Scène 1
Paashaas loopt in bos en verstopt eitjes.
PAASHAAS: Dag kinderen, zie ik dat jullie er weer gezellig bij zijn. Dat komt goed uit, want ik moet goede plekjes verzinnen voor mijn vrolijke geverfde eitjes.
Ziezo, dat schiet al lekker op. Hé, wat is dit nu? Het zal toch niet waar zijn, ik denk dat ik dit eitje vergeten ben te schilderen. Nou, weet je wat: ik ga nog even naar huis, om dit eitje een gezellig kleurtje te geven.
Paashaas gaat af, laat mandje staan. Jan-Klaassen komt zingend op: ‘k Zag twee hazen vlak voor Pasen,…
Scène 2
JK: Zeg, kennen jullie dat liedje ook?? Zullen we dat eens samen gaan zingen? (Zingen)
Hé wat zie ik daar? Wat is dat voor iets, dat daar op de grond ligt. Het lijkt wel een mandje. Van wie is dat mandje?? (Paashaas)
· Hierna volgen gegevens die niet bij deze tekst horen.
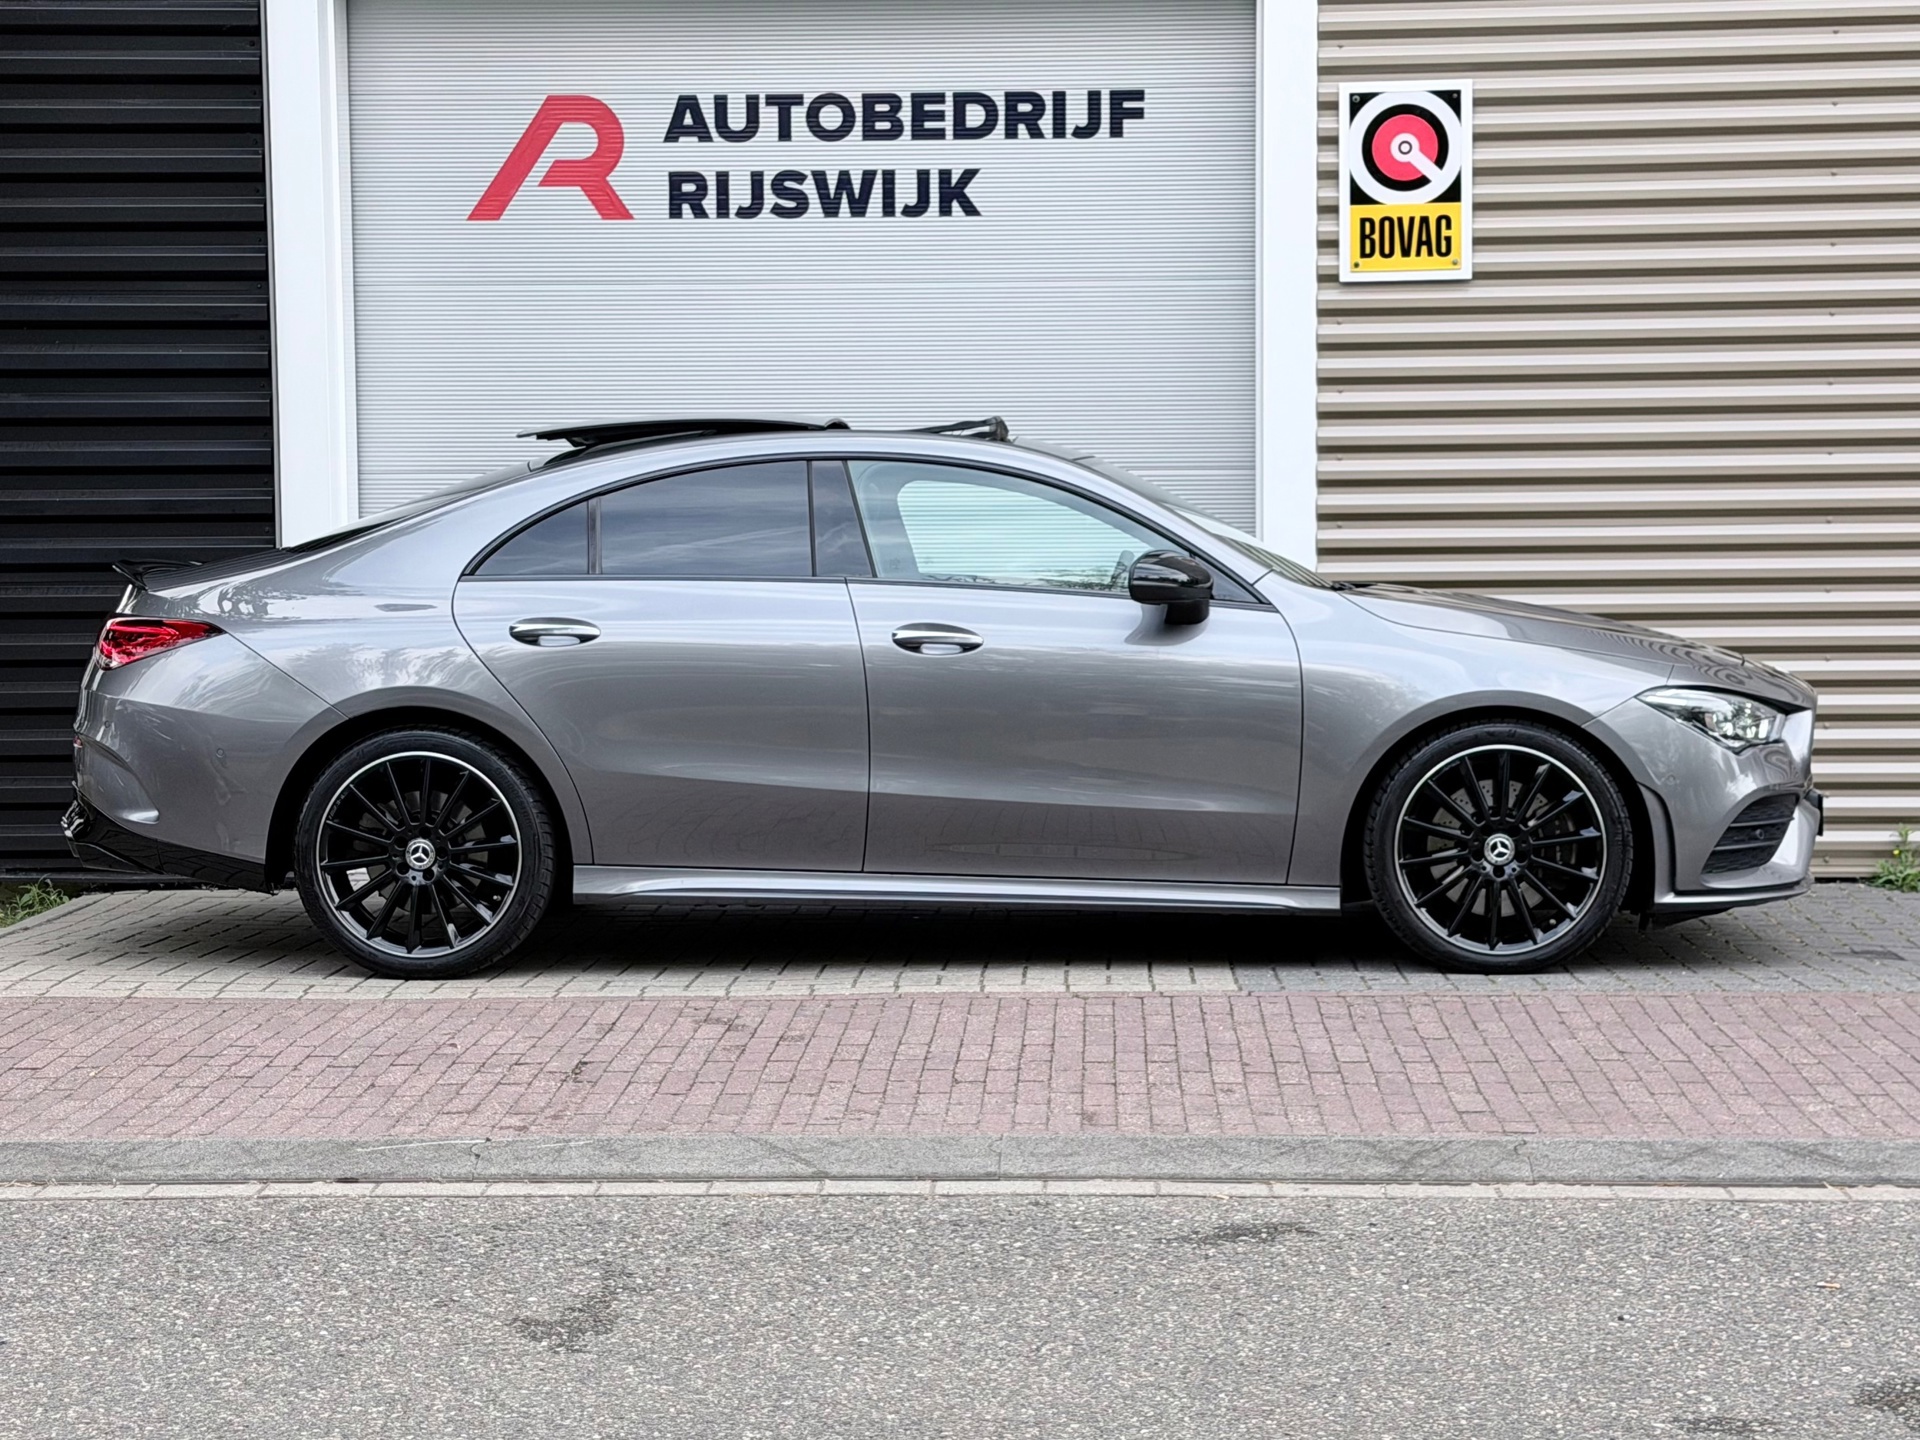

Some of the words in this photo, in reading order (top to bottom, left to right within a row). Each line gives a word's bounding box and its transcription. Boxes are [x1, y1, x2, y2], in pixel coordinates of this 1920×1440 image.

[664, 89, 1146, 142] AUTOBEDRIJF
[668, 168, 982, 219] RIJSWIJK
[1359, 214, 1452, 259] BOVAG
Echt waar? Maar er zitten ook nog eieren in. De paashaas moet die toch verstoppen? Hij is het vast vergeten. Dan neem ik het maar mee naar huis, straks wordt het nog gestolen.
JK gaat af met mand.
Scène 3
Paashaas komt op met paasei.
PAASHAAS: Zo, ik heb dit eitje een gezellig kleurtje gegeven. Nu moet ik eerst een goed plekje vinden om het eitje te verstoppen.
(Paashaas zoekt plekje achter coulisse)
Ziezo, nu de rest van de eitjes nog. Hé waar is mijn mandje nu gebleven. Ik dacht toch echt dat ik het hier op de grond had gezet. Dat is gek. Is het mandje soms hier…. Of daar…..?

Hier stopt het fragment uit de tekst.